Abstract

Understanding strongly correlated systems driven out of equilibrium is a challenging task necessitating the simultaneous treatment of quantum mechanics,dynamical constraints and strong interactions. A Mott insulator subjected to a uniform and static electric field is prototypical, raising key questions such as the fate of Bloch oscillations with increasing correlation strength, the approach to a steady state DC transport regime and the role of dissipation in it, and electric field driven phase transitions. We develop here an effective large-N Keldysh field theory for studying nonequilibrium transport in a regular one-dimensional dissipative Mott insulator system subjected to a uniform electric field.

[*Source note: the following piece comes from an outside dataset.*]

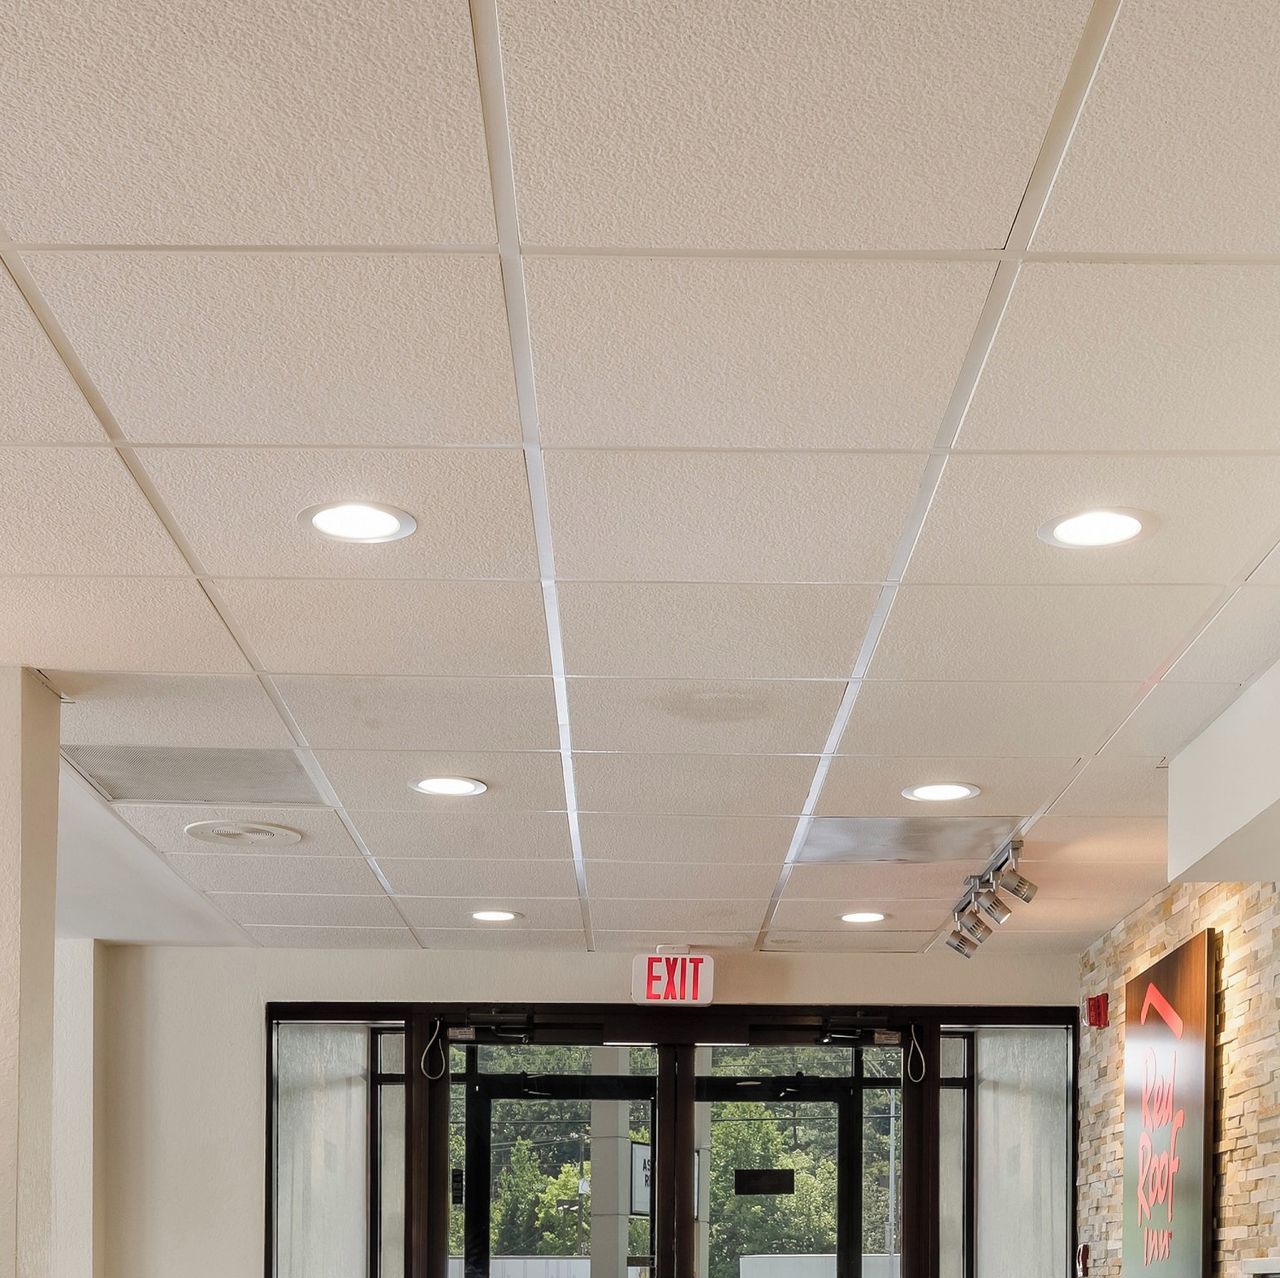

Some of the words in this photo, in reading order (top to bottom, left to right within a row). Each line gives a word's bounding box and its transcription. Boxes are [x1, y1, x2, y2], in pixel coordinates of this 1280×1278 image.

[646, 956, 704, 1001] EXIT
[1141, 1046, 1177, 1133] Red
[1137, 1108, 1185, 1228] Roof

Upon abruptly turning on the electric field (a quench), a transient oscillatory current response reminiscent of Bloch oscillations is found. In the regime of small tunneling conductance the amplitude of these oscillations, over a large time window, decreases as an inverse square power-law in time, ultimately going over to an exponential decay beyond a large characteristic time that increases with N. Such a relaxation to a steady state DC response is absent in the dissipation free Hubbard chain at half filling. The steady state current at small fields is governed by large distance cotunneling, a process absent in the equilibrium counterpart. The low-field DC current has a Landau-Zener-Schwinger form but qualitatively differs from the expression for pair-production probability for the dissipation free counterpart. The breakdown of perturbation theory in the Mott phase possibly signals a nonequilibrium phase transition to a metallic phase. Our study sheds light on the approach of a driven, dissipative strongly correlated system to a nonequilibrium steady state and also provides a general analytic microscopic framework for understanding other nonequilibrium phenomena in these systems.